I haven't had a Mal but I've had black Belgians for about 15 years now. Mine have been pretty good but I've worked with a lot of other people's Belgians who have had issues like fear, phobias, reactivity or the such. Belgians can be "quirky" dogs, they tend to be obsessive, easily frustrated and they generally aren't as forgiving as many GSDs are of training or socialization errors.

I have had to urge people with Belgian puppies of all varieties to avoid group play with them in puppy class if it becomes obvious at any time that it was not a positive experience for the dogs. While some Belgians are ok with it, some get worried and try to avoid the other puppies and others may become over over stimulated, chasing, barking and grabbing at the other puppies.

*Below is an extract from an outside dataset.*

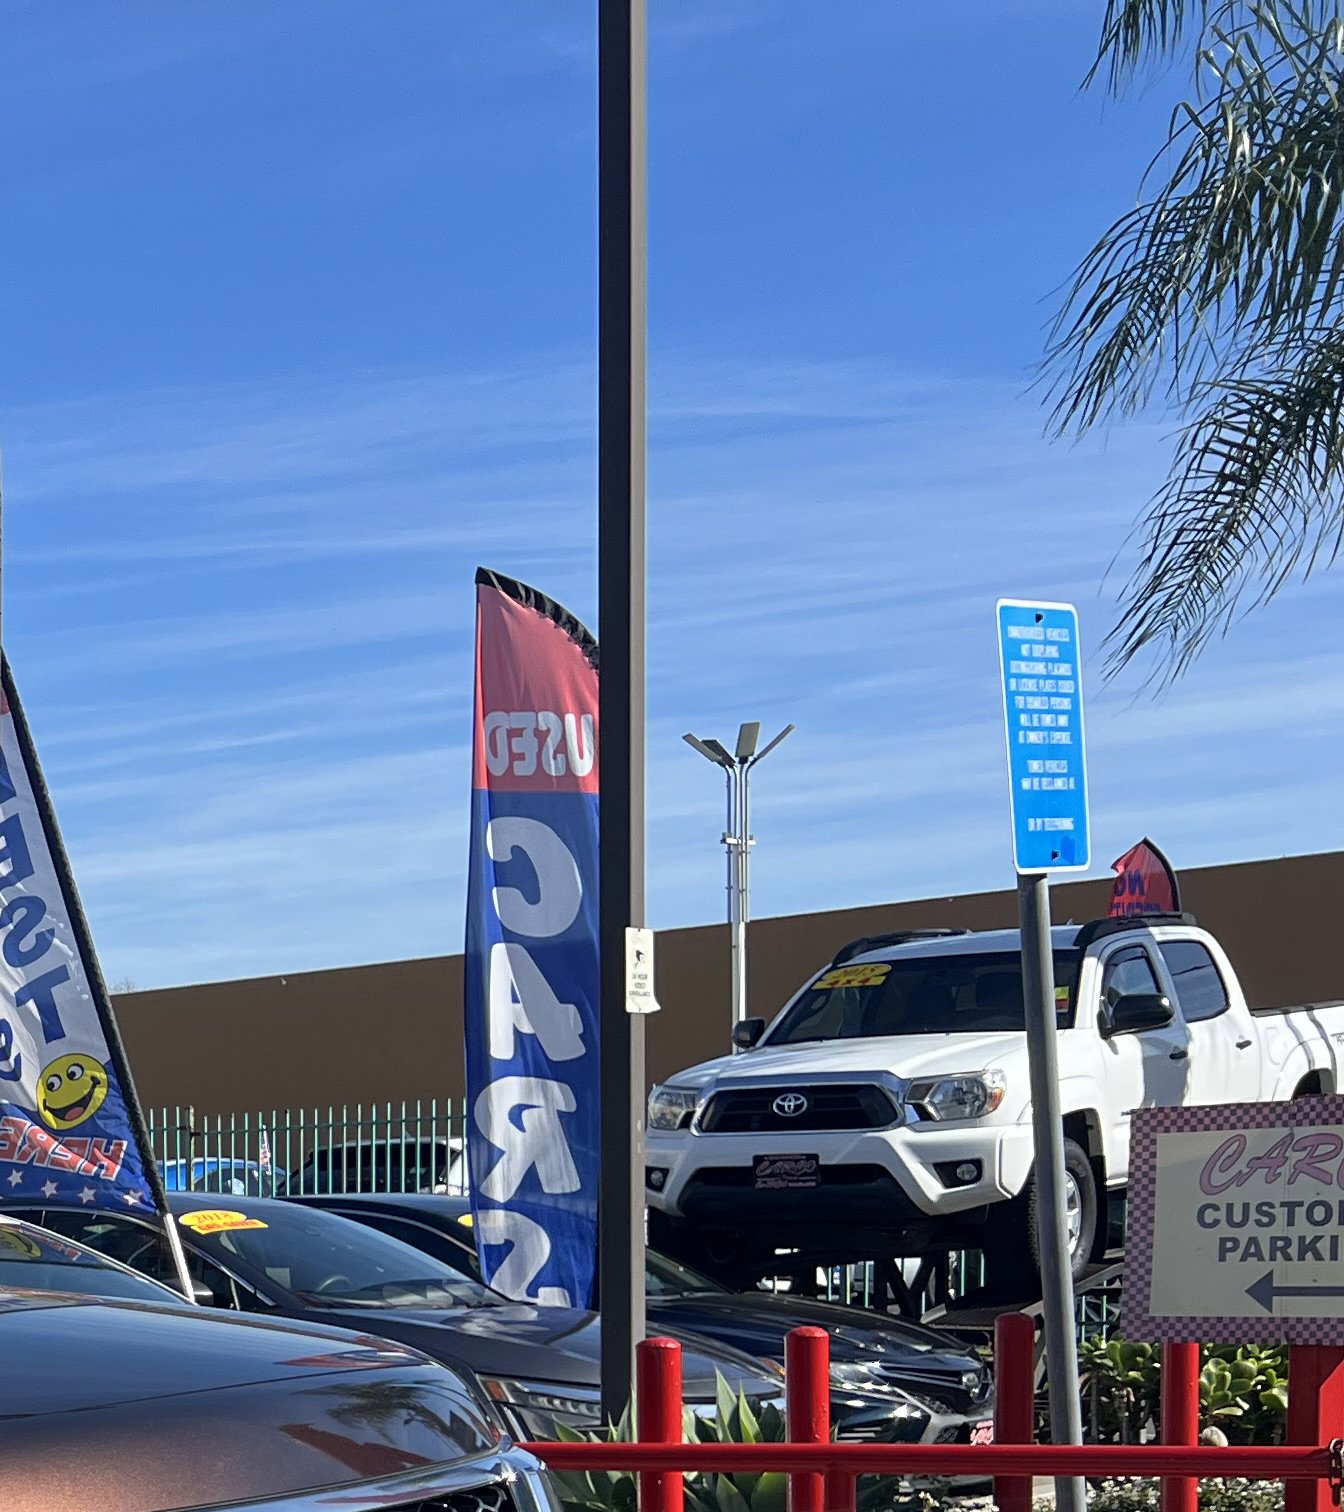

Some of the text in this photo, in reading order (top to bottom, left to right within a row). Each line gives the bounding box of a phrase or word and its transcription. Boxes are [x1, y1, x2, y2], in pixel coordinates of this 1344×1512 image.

[1200, 1133, 1344, 1195] CAR
[1197, 1200, 1344, 1229] CUSTO
[1218, 1234, 1340, 1262] PARKI

Many Belgians dislike other dogs invading their personal space and group play with pushy dogs can teach them to have less tolerance for it and that they should be quick to react to keep other dogs away. 

I understand that there is no group play in your puppy class but it sounds like the puppy switch exercise is having a similar effect on Dante as group play does on some Belgian puppies. I would just take him aside during this exercise and work on his focus on you. There is really no reason that he has to learn to work for and focus on other people. I don't think the exercise is necessarily a bad one, as long as everyone's having fun. I do wonder why the instructor didn't notice what was going on with Dante and have you do something else with him.

Are you on any of the Belgian discussion lists/forums? 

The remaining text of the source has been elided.